About twenty years ago I read that Josef Gingold said that standards of playing had risen so much that he had students playing on a level that thirty years before would have brought international solo careers; now, they were delighted to win a second violin position in an midrange orchestra.

I was reminded of this last night, when I heard three extraordinary graduate-student cellists perform at the Violoncello Society of New York. Each one of them was absolutely spectacular. Extraordinary virtuoso techniques, with left hands that seemed as if they could go anywhere on the cello, almost by magic. Each was musical, expressive, thoughtful, and interesting to hear. It was both thrilling and upsetting. Thrilling for the obvious reasons: it was a spectacular concert. Upsetting because I know what a tough time they--and the others around the country who play on the same high level--may have making a living playing the cello.

Does this mean they shouldn't have studied as hard as they have? Does this mean all the gifted young people in love with music shouldn't pursue it?

Of course not. The need to be a musician and to make music on a high level is just that, a need. It doesn't go away. If it's there, it's there, and failing to nurture it doesn't cause it to wither away and die, just to grow angry and poisonous. I met an 89-year-old lady in a nursing home who was still deeply angry that her father wouldn't allow her to study the violin as a child. She never learned to play. Literally on her deathbed, she was still bitter about this.

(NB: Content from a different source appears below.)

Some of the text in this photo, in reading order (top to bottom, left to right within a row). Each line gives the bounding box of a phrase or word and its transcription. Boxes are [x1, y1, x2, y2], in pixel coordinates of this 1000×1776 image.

If there's one thing I've learned in life, it's this: if you're a musician, you're a musician. You can't escape it, even if you want to. God or "the universe" or "life" gives each of us gifts, gifts that are meant to be used and shared. You don't get to say to wherever the gift and the need to express it come from, "Sorry, I don't want this one. Take it back."

In college and conservatory music programs, we tend to be overly focused on succeeding in the professional music world as it is today, and to look at it in a win/lose way: get an orchestra job, or make a full-time living playing and teaching, and you've won. That doesn't happen, you lost.

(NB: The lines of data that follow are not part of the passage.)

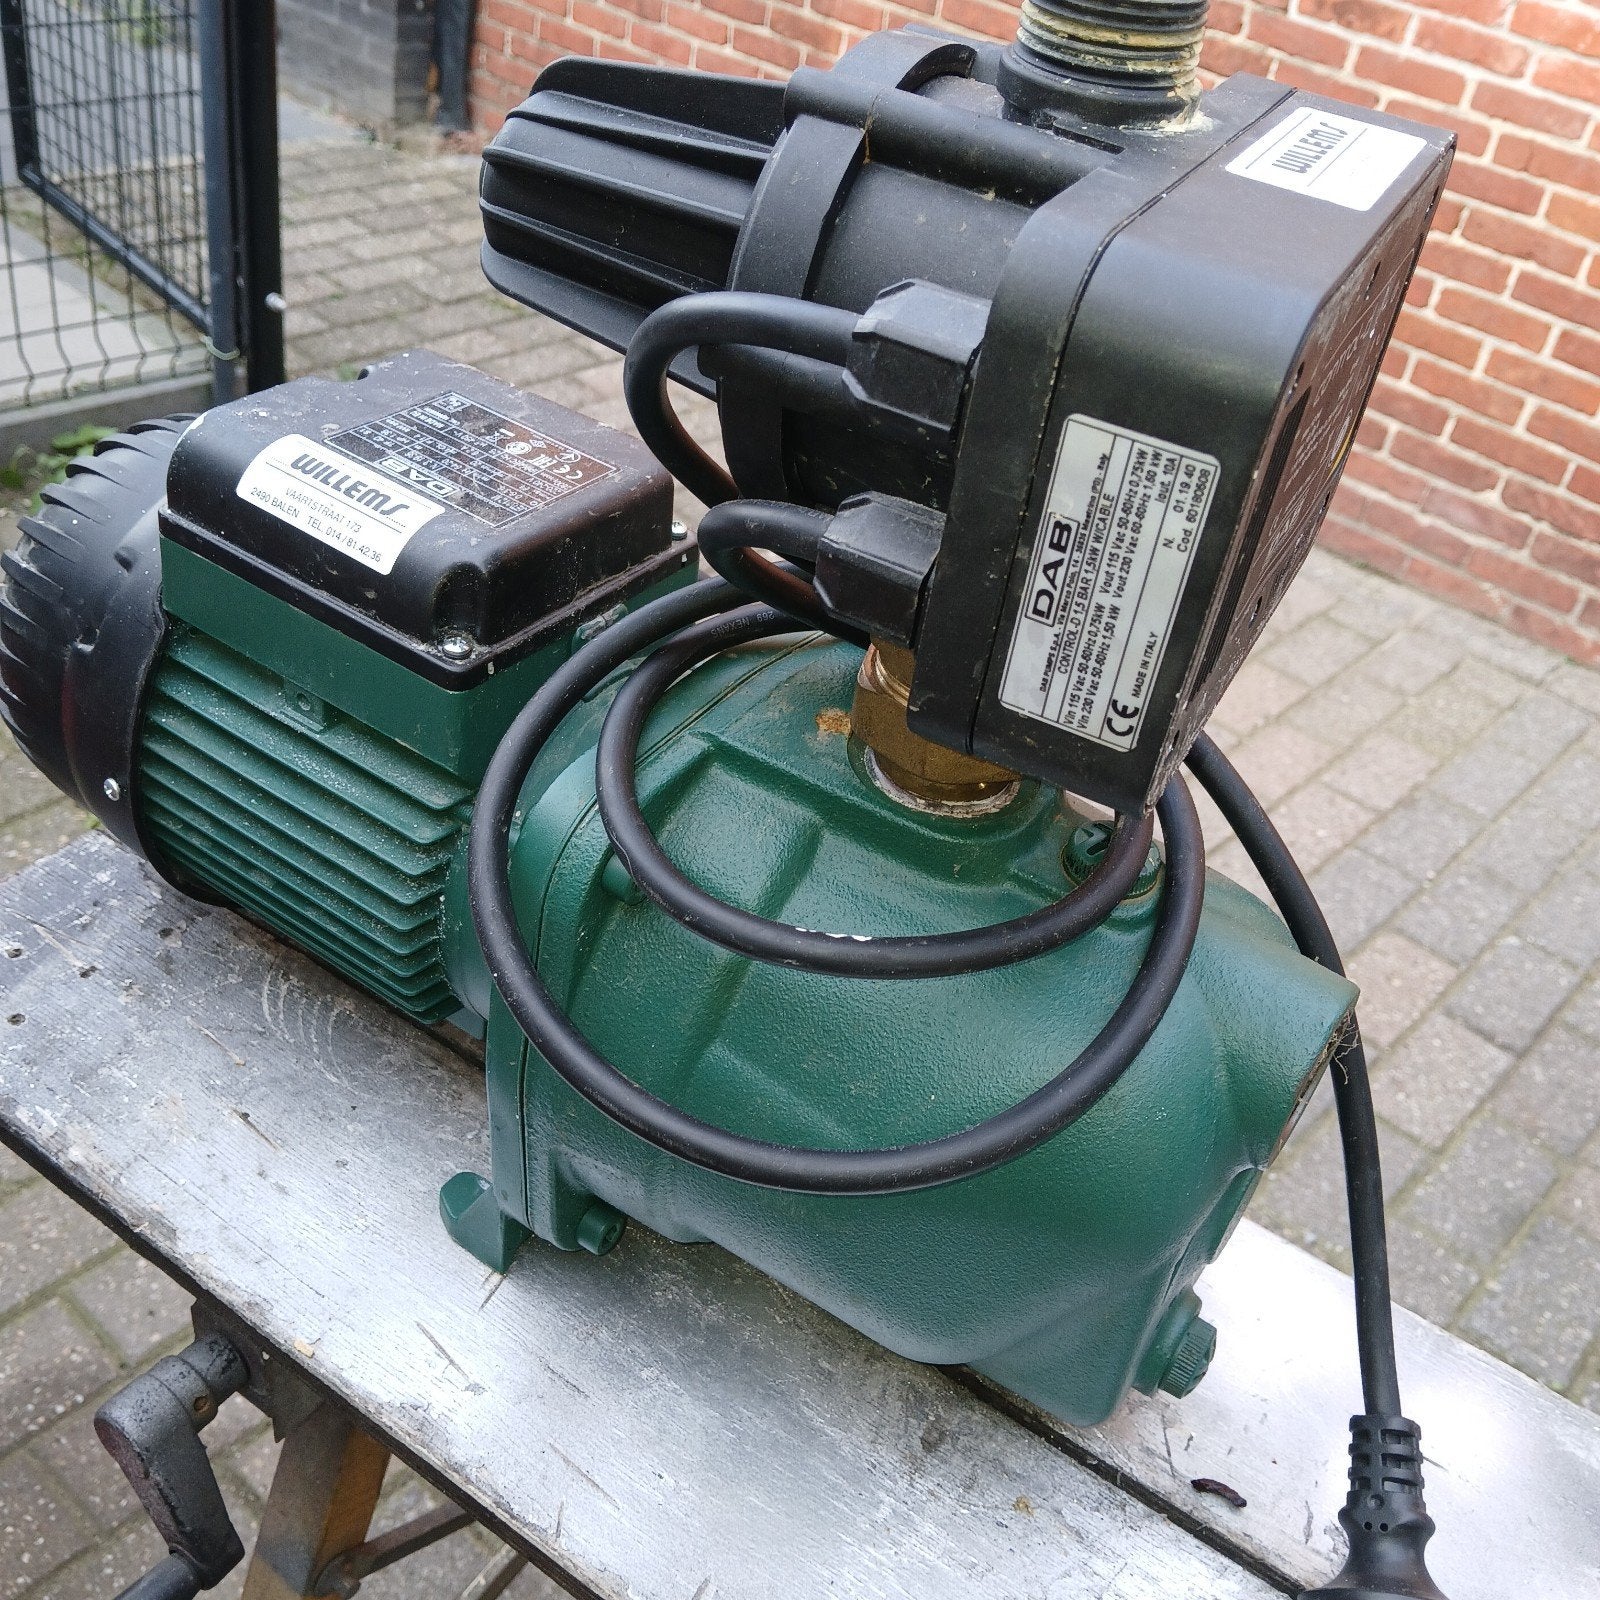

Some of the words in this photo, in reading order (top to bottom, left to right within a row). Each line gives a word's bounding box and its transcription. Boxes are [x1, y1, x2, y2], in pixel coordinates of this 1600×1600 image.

[1271, 122, 1348, 174] WILLEMS
[1150, 450, 1162, 467] kW
[1162, 458, 1177, 475] 10A
[290, 454, 410, 516] WILLEMS
[382, 458, 454, 494] DAB
[250, 487, 270, 503] 2490
[271, 497, 300, 518] BALEN
[307, 516, 324, 531] TEL.
[326, 526, 342, 540] 014
[286, 490, 345, 523] VAARTSTRAAT
[346, 520, 362, 533] 173
[1092, 493, 1115, 544] W/CABLE
[1111, 531, 1126, 550] Vac
[1124, 536, 1138, 554] Vac
[1177, 526, 1192, 552] Cod.
[1032, 520, 1072, 620] DAB
[1084, 545, 1100, 574] 1,5kW
[1106, 552, 1120, 568] 115
[1119, 556, 1133, 575] 230
[1077, 577, 1092, 600] BAR
[1099, 570, 1115, 594] Vout
[1112, 575, 1128, 598] Vout
[1073, 601, 1085, 614] 1,5
[1107, 604, 1120, 621] kW
[1058, 617, 1081, 674] CONTROL-D
[1144, 632, 1158, 659] ITALY
[1043, 652, 1055, 677] PUMPS
[1140, 660, 1150, 670] IN
[1072, 675, 1086, 692] Vac
[1086, 680, 1100, 696] Vac
[1132, 671, 1146, 698] MADE
[1068, 692, 1080, 708] 115
[1081, 697, 1094, 714] 230

There's another way to look at it: What happens in music school is preparing yourself to use music to make a difference in the world. What if we measured "success" not by what job we get, but by sharing music with others, in the ways and in the places that make a difference?

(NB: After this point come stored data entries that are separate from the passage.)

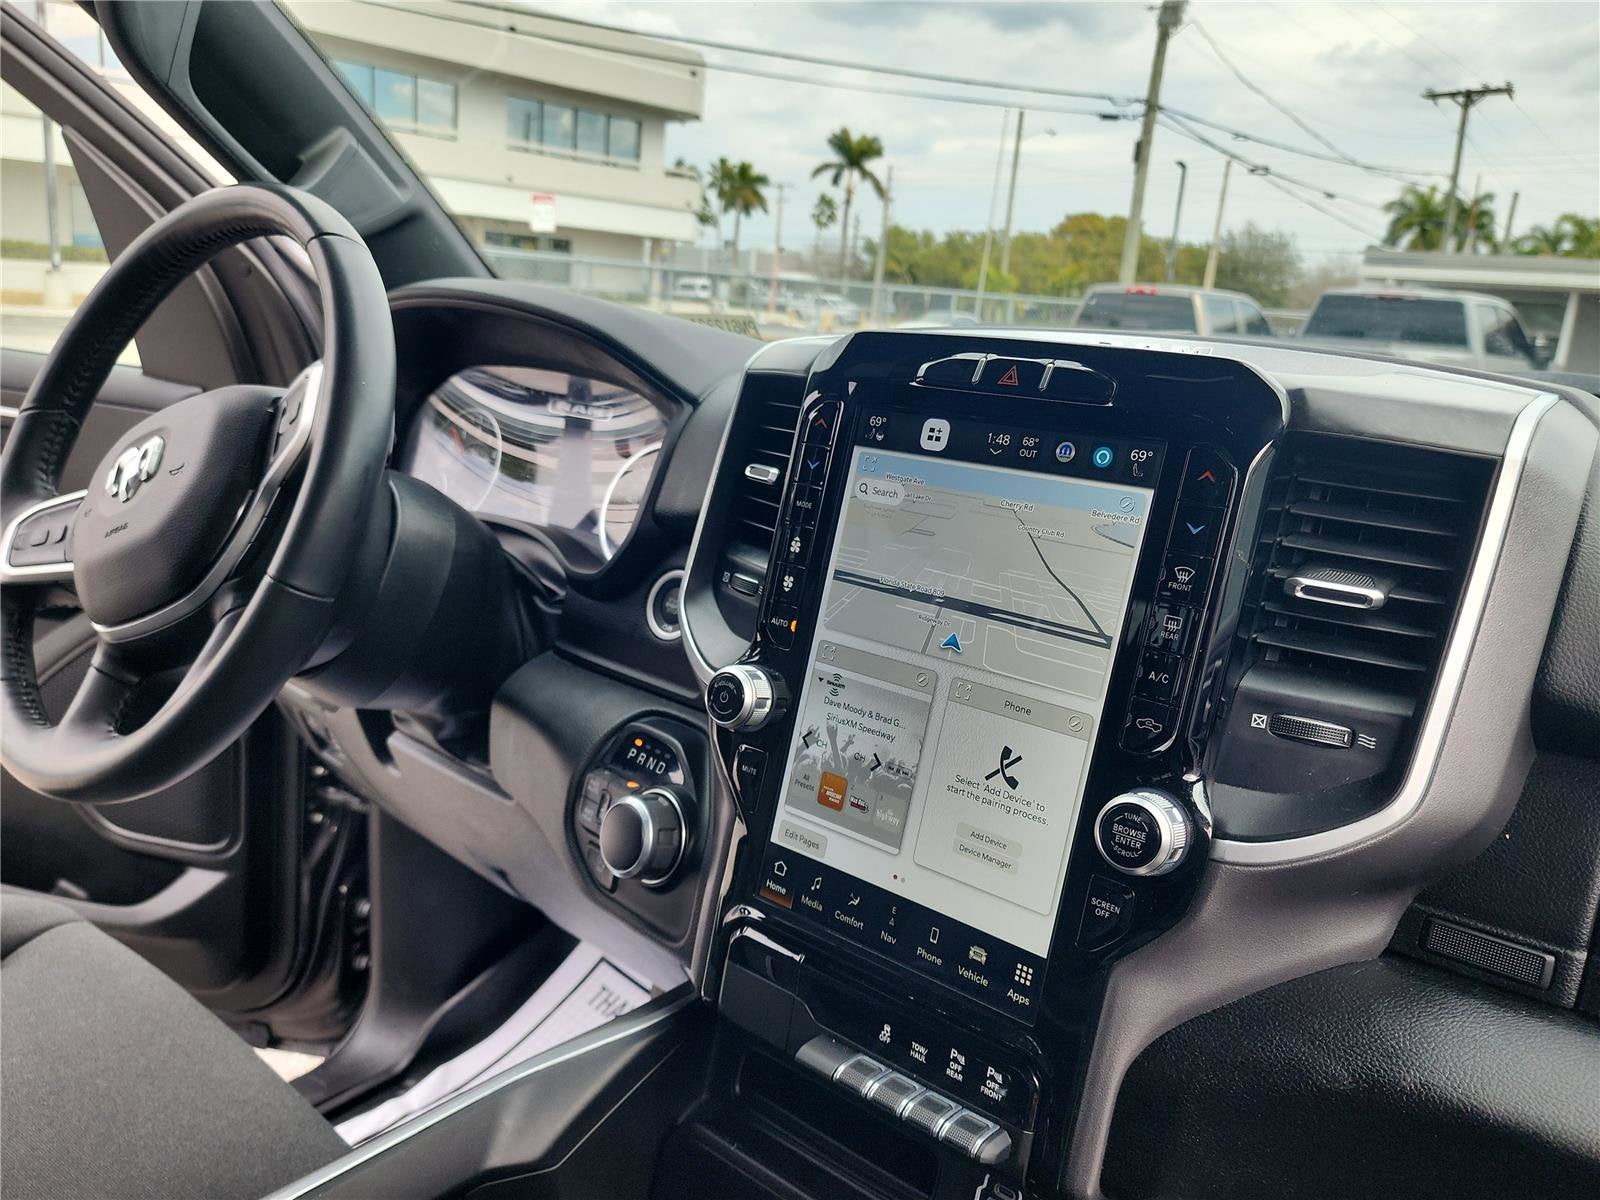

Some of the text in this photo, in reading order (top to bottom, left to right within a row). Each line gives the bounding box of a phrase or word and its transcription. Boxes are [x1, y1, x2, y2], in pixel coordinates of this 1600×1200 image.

[869, 416, 887, 427] 69°
[986, 432, 1011, 446] 1:48
[1022, 436, 1039, 447] 68°
[1019, 449, 1038, 458] OUT
[1130, 449, 1153, 462] 69°
[872, 486, 899, 498] Search
[1000, 499, 1034, 512] Cherry Rd
[1092, 509, 1141, 524] Belvedere Rd
[1017, 524, 1065, 538] Country Club Rd
[917, 585, 932, 594] Road
[1168, 581, 1193, 592] FRONT
[771, 617, 788, 627] AUTO
[1160, 630, 1179, 641] REAR
[1148, 671, 1170, 684] A/C
[823, 696, 842, 709] Dave
[842, 702, 867, 718] Moody
[867, 710, 874, 719] &
[874, 712, 893, 726] Brad
[1003, 700, 1032, 716] Phone
[826, 712, 896, 743] SiriusXM Speedway
[816, 739, 827, 749] CH
[742, 765, 757, 776] MUTE
[795, 780, 815, 792] Presets
[955, 774, 980, 790] Select
[1036, 801, 1046, 812] to
[946, 784, 1049, 826] start the pairing process.
[1124, 812, 1142, 824] TUNE
[1112, 823, 1147, 840] BROWSE
[784, 828, 820, 850] Edit Pages
[970, 830, 1008, 850] Add Device
[1115, 834, 1142, 850] ENTER
[959, 844, 1012, 870] Device Manager
[1113, 845, 1139, 858] SCROLL
[765, 878, 787, 896] Home
[801, 894, 823, 911] Media
[1091, 897, 1121, 914] SCREEN
[834, 910, 864, 930] Comfort
[1094, 908, 1111, 919] OFF
[880, 930, 897, 945] Nav
[916, 946, 943, 966] Phone
[958, 965, 989, 987] Vehicle
[1006, 988, 1030, 1006] Apps
[909, 1049, 927, 1064] HAUL
[949, 1061, 963, 1072] OFF
[945, 1068, 963, 1082] REAR
[986, 1079, 1000, 1092] OFF
[980, 1085, 1003, 1102] FRONT

You can't "lose" if that's how you define being a musician. You can't "lose" in life if you realize your true purpose is making the world a better place, and you use your gifts to do that. If you are a musician and you do something else to make a living, if you make some other contribution, too, guess what? You didn't lose. You're not a failure. You're making the world a better place.

And that's not so bad.

Monday, April 10, 2006

"Chamber music as it was meant to be . . ."

Well, I'm certainly not the only one taken with Anthony Tommasini's excellent Sunday NY Times story on Condoleezza Rice's piano playing, particularly her regular chamber-music gatherings with string quartet of lawyers.

Important point: the joy of making music.

She is not the only secretary of state to pursue amateur music-making. Thomas Jefferson, the first to hold the office, was an excellent violinist who played chamber music, especially Baroque trio sonatas, throughout his political career. But back then, playing music at home was commonplace.

Not so today, in the era of recording technology, when you can hear almost any piece from the entire history of music by switching on an iPod. The trade-off is that so few people know the personal joy of making music.

I've been trying to nudge Greg Sandow to embrace more fully that one key to ensuring a healthy future of classical music, including his focus, professional classical music performances, is the promotion of amateur music-making. Tommasini's article captures vividly the power and value of playing chamber music in private. "It was wonderful to hear chamber music as it was meant to be: played by friends for their own enjoyment, in the confines of a living room, which makes the sound seem enveloping."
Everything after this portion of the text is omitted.